What needs to be done>
If a record holds a picture, drop the picture and return the rest of the record word for word.

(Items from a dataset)
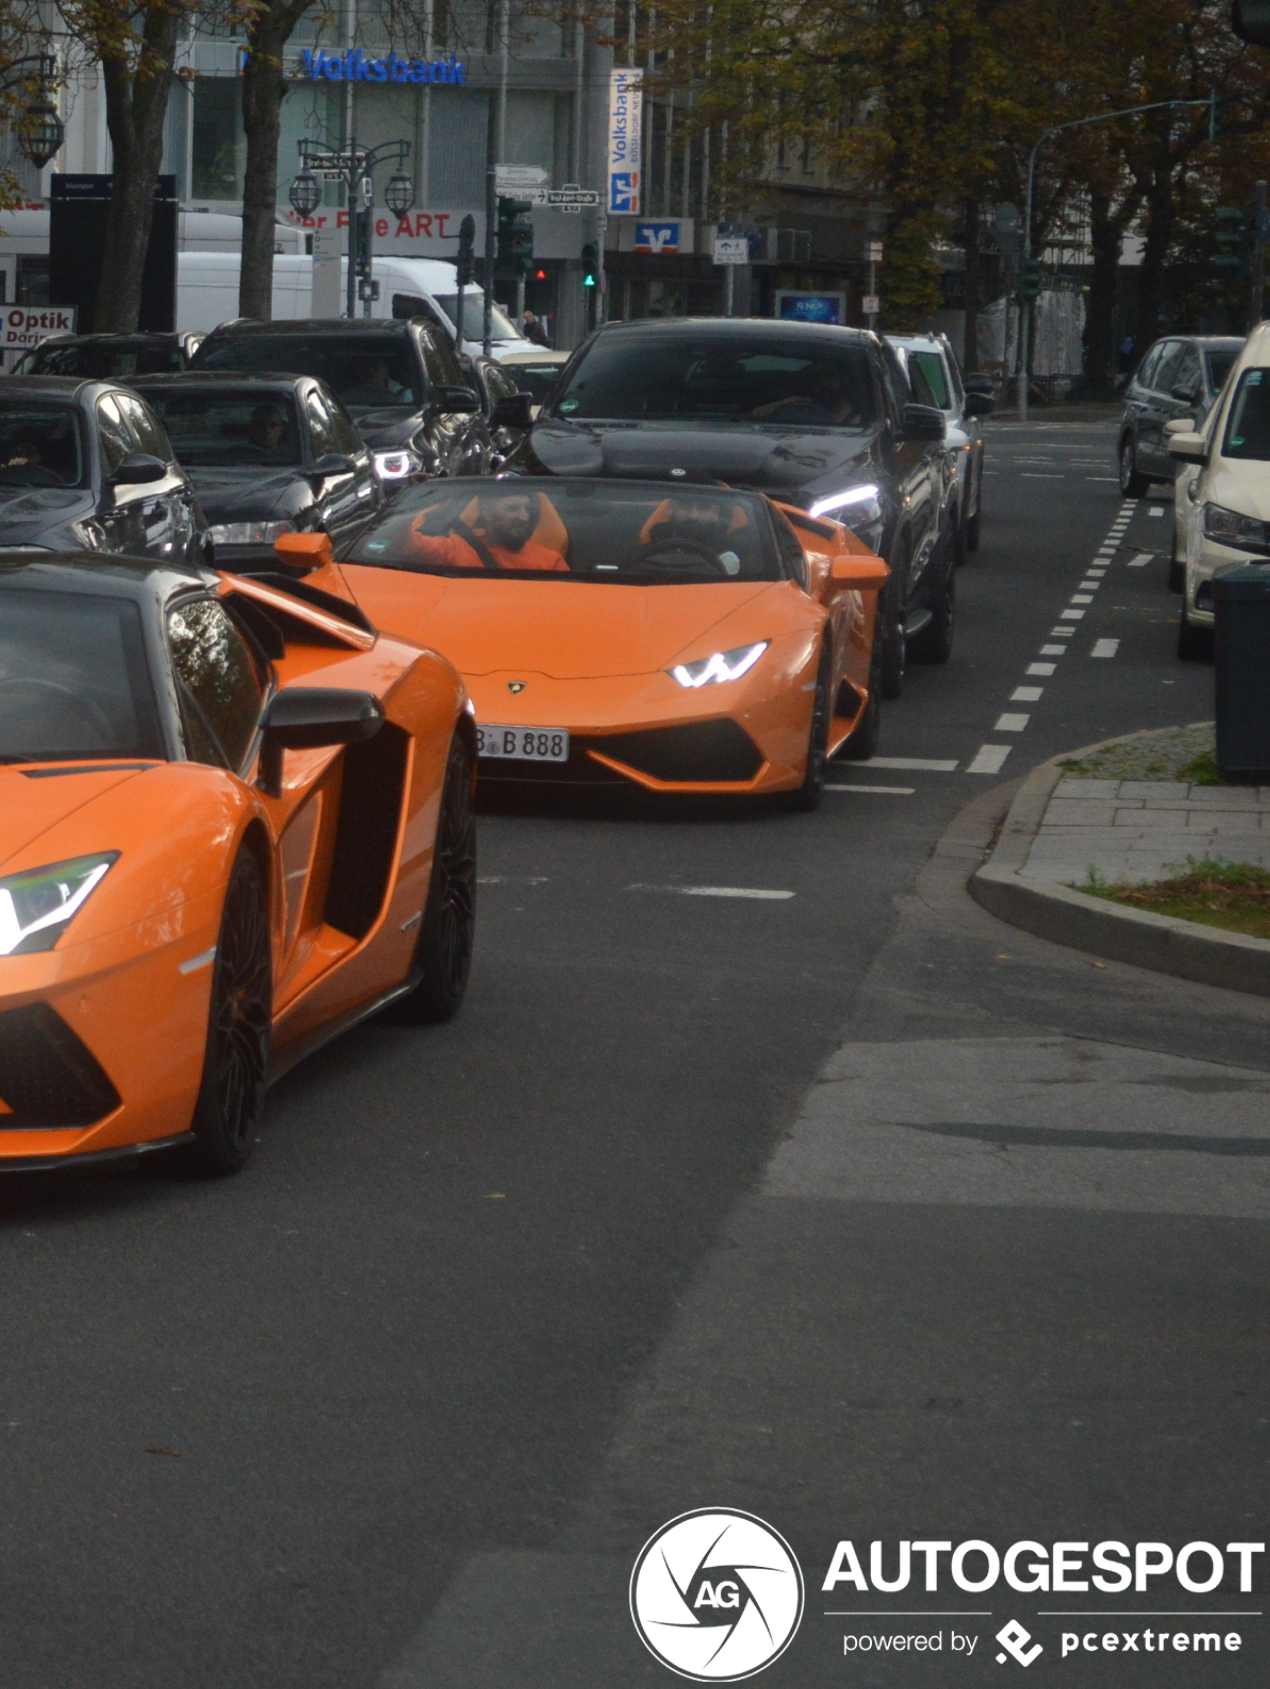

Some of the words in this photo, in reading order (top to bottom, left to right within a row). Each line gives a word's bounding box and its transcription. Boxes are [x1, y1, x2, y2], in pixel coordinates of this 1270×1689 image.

[303, 49, 467, 85] Volksbank
[612, 73, 628, 163] Volksbank
[630, 113, 641, 163] DÜSSELDORF
[394, 213, 450, 238] ART
[8, 310, 69, 332] Optik
[522, 733, 563, 757] 888

Solution to this exercise>
Some of the words in this photo, in reading order (top to bottom, left to right within a row). Each line gives a word's bounding box and its transcription. Boxes are [x1, y1, x2, y2], in pixel coordinates of this 1270×1689 image.

[303, 49, 467, 85] Volksbank
[612, 73, 628, 163] Volksbank
[630, 113, 641, 163] DÜSSELDORF
[394, 213, 450, 238] ART
[8, 310, 69, 332] Optik
[522, 733, 563, 757] 888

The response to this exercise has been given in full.